Esta es una reflexión que me surge tras la reciente fiesta de Halloween. Me resulta curioso como muchas veces nuestras acciones se ven bloqueadas por miedos inconscientes que manifestamos ante situaciones a las que nos enfrentamos de manera habitual, y sin embargo busquemos esa emoción del miedo en situaciones generadas a propósito.

¿Qué hace que seamos capaces de engañar a nuestro cerebro en una situación de miedo buscada y, sin embargo, nos cueste tanto enfrentarnos a nuestros miedos adquiridos?

El miedo es una de las emociones primarias y universales del ser humano, lo que significa que todas las personas sentimos miedo alguna vez en la vida. El miedo, al igual que el resto de las emociones, aparece cuando necesitamos cubrir alguna necesidad. Aparece como un clavo al que agarrarnos para adaptarnos a las situaciones que creemos no controlar.

Originariamente la emoción del miedo aparecía para asegurar nuestra supervivencia. Cuando nuestros antepasados vivían en cavernas y tenían que salir a cazar para poder comer, al encontrarse con un depredador más fiero que ellos, aparecía el miedo. Esta emoción hacía que, o bien se quedasen paralizados para que el depredador no se percatase de su presencia, o bien salieran corriendo a refugiarse en un lugar seguro. Tanto la parálisis como la huida son dos reacciones típicas en la emoción del miedo, que se producen como respuesta para garantizar nuestra supervivencia.

Los expertos en el estudio de esta emoción clasifican los miedos en: miedos innatos y miedos adquiridos.

Los miedos innatos son aquellos que podríamos decir que nos vienen de serie. Son aquellos miedos más primitivos que ya están en nuestros genes desde el momento en que nacemos. Estos son principalmente tres:

  • Miedo a la oscuridad
  • Miedo a los ruidos fuertes
  • Miedo a la separación o al abandono

Los miedos adquiridos son aquellos miedos que vamos construyendo a lo largo de nuestra vida. Al relacionarnos con el mundo exterior, vamos adquiriendo miedos en función de nuestras experiencias propias y lo que observamos en las experiencias de aquellos que nos rodean. La huella que estos miedos dejan en nosotros depende de la interpretación que hacemos de esas experiencias y del impacto que éstas nos hayan causado.

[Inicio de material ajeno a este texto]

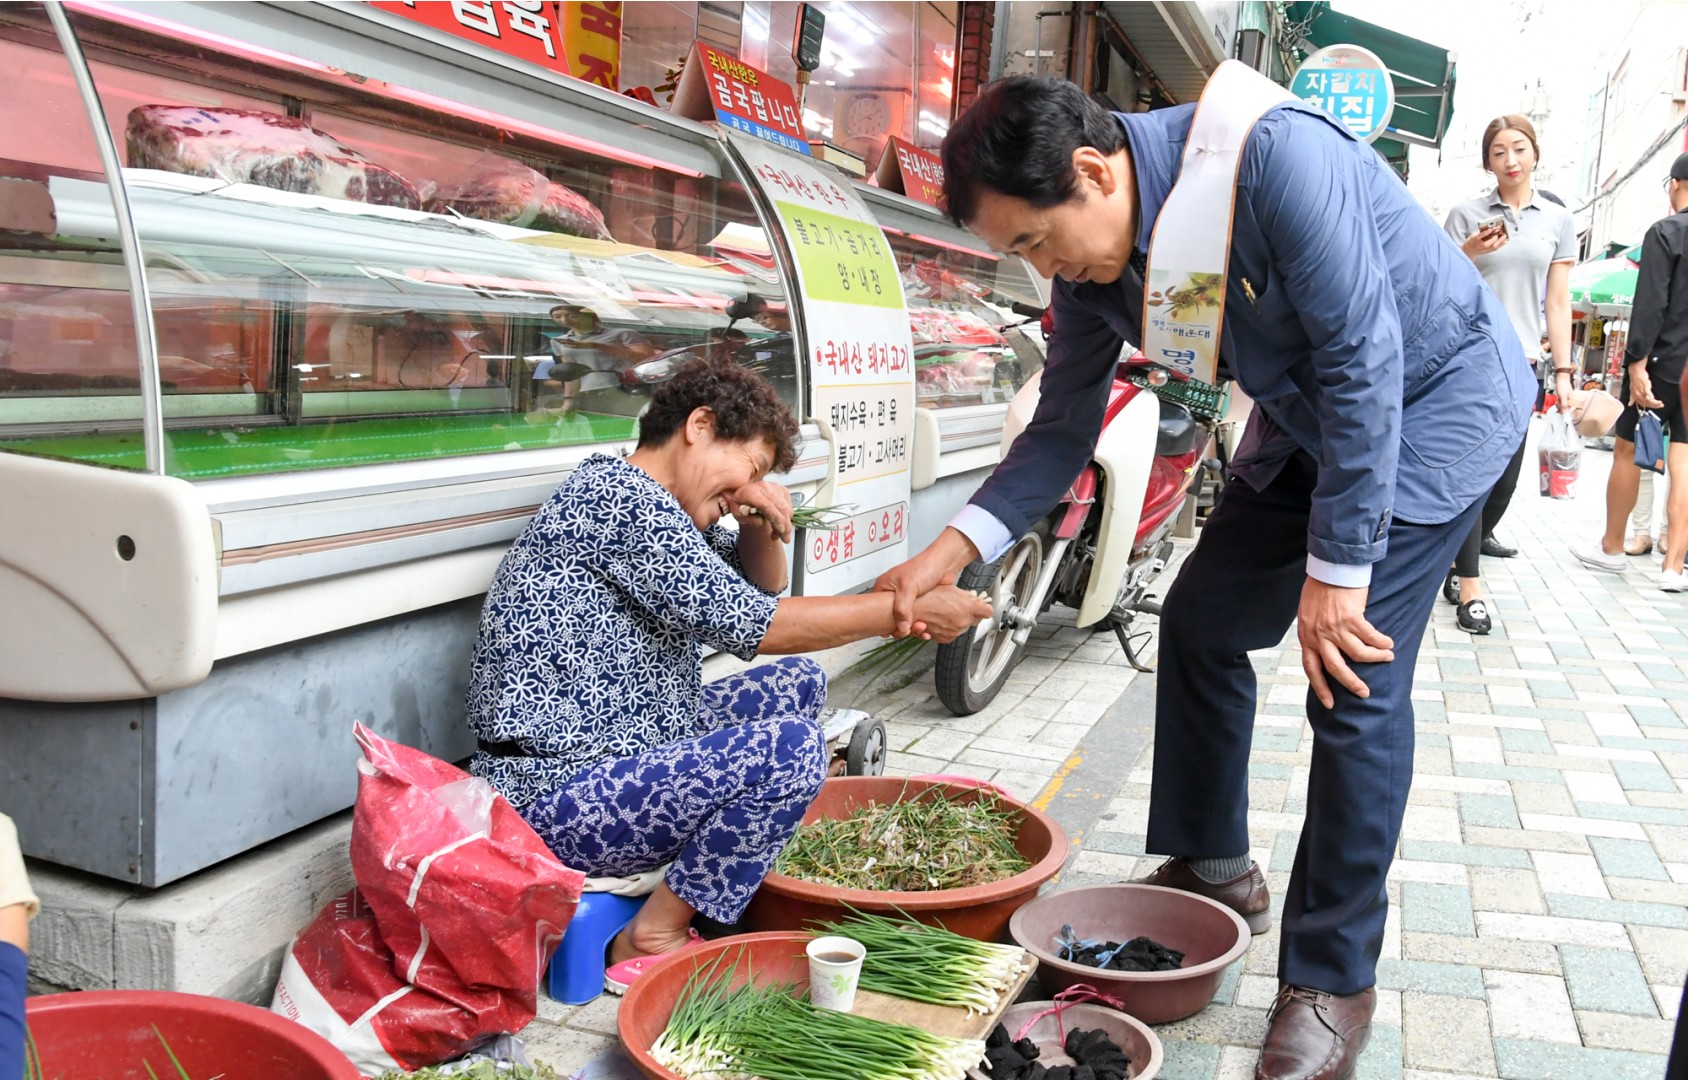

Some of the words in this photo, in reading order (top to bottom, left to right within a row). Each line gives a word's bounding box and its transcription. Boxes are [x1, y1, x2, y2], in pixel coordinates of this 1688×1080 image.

La emoción del miedo es normal, necesaria y positiva, pero cuando la llevamos a niveles que no se corresponden con el agente que lo generó, se vuelve dañina para nosotros y nos impide tomar decisiones que nos ayuden avanzar.

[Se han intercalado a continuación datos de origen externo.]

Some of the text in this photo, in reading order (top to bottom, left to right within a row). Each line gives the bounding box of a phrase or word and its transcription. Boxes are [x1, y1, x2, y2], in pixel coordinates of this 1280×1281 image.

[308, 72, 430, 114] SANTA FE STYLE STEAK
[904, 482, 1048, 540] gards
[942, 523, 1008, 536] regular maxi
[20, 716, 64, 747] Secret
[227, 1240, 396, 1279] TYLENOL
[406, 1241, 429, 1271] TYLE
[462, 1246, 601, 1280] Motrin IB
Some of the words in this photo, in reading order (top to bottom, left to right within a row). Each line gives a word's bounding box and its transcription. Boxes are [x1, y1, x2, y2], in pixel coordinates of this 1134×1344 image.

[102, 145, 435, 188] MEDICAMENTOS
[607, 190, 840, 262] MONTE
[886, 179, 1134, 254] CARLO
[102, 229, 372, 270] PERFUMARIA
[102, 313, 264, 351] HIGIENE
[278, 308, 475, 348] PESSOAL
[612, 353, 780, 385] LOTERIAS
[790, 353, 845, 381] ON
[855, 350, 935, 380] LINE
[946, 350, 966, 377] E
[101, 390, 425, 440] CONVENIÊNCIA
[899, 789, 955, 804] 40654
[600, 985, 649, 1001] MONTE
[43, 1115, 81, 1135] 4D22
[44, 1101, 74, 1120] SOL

Por ejemplo, cuando el miedo nos hace ser prudentes y tomar medidas ante una situación de incertidumbre, estaríamos ante un miedo sano. Sin embargo, si en la misma situación, el miedo nos paraliza y nos impide tomar ningún tipo de iniciativa, estaríamos ante un miedo dañino.

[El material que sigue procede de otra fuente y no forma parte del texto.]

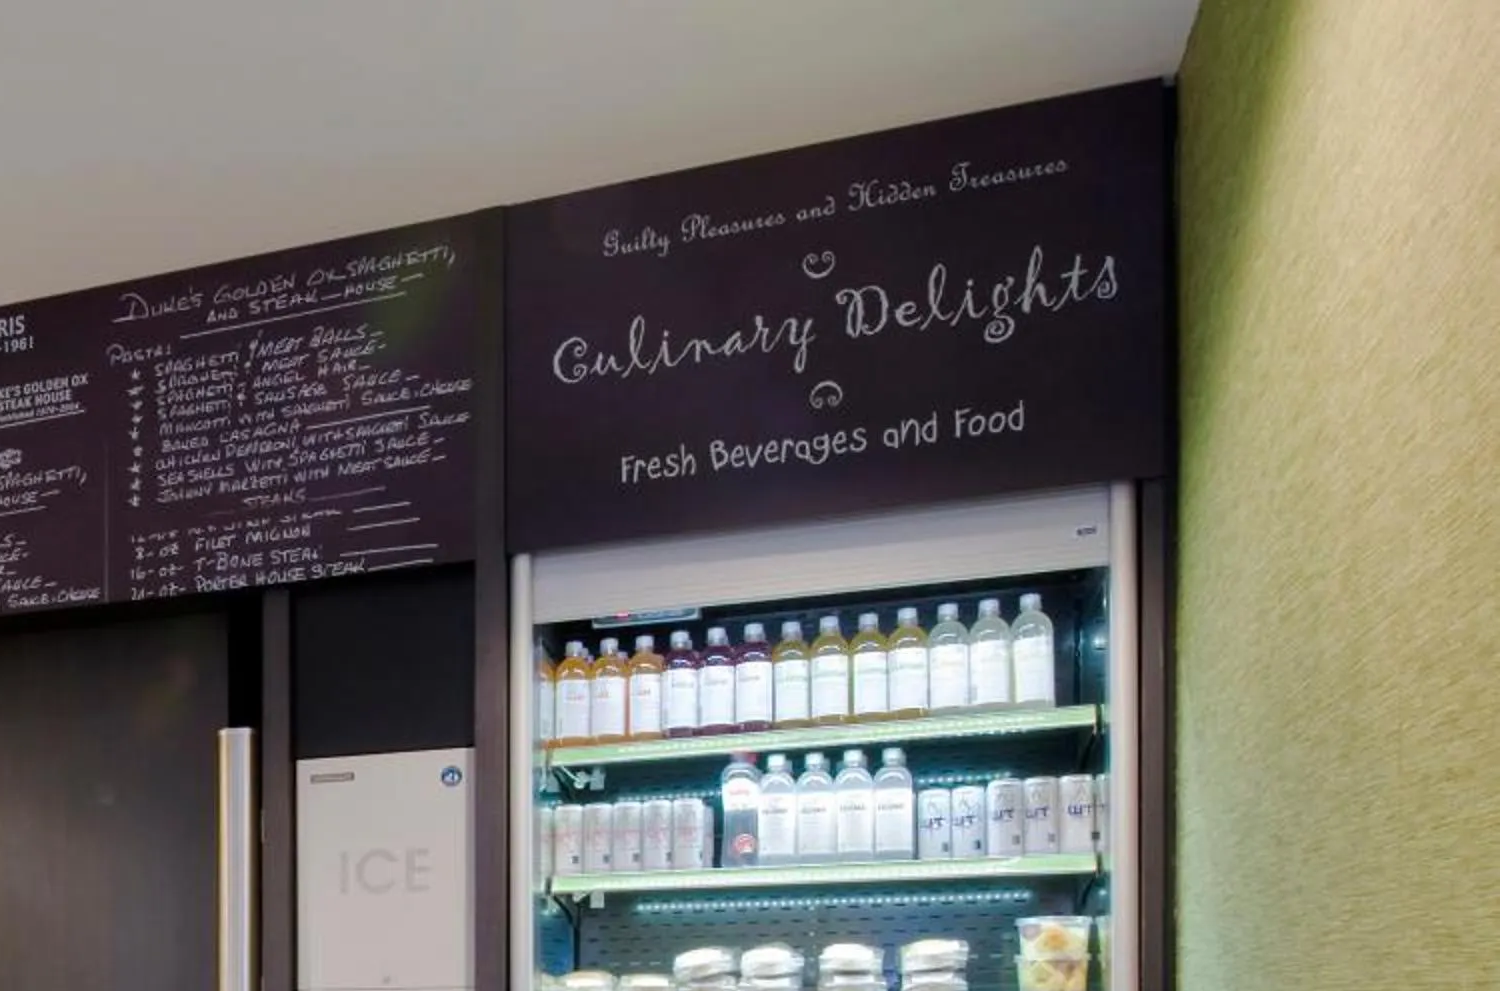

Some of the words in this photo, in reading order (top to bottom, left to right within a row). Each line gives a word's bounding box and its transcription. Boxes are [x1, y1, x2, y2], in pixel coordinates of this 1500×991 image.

[602, 229, 670, 258] Guilty
[680, 213, 786, 242] Pleasures
[796, 195, 837, 223] and
[847, 178, 938, 212] Hidden
[948, 160, 1069, 194] Treasures
[552, 315, 815, 384] Culinary
[834, 244, 1120, 343] Delights
[620, 444, 697, 484] Fresh
[710, 425, 868, 470] Beverages
[883, 410, 938, 451] and
[953, 399, 1025, 440] Food
[339, 847, 432, 895] ICE

Cuando un miedo nos paraliza de tal forma que anula toda capacidad para encontrar una vía de escape,y no nos permite adaptarnos a la situación de una forma más efectiva para nosotros, lo llamamos fobia.
Si como seres humanos, la emoción del miedo es una de nuestras emociones primarias, la solución a nuestros miedos no pasa por esperar a no tenerlos o que desaparezcan sin más, sino por aprender a conquistarlos

El mejor antídoto frente a los miedos es la confianza

Y tú, ¿qué quieres hacer con tus miedos? ¿Te gustaría conquistarlos?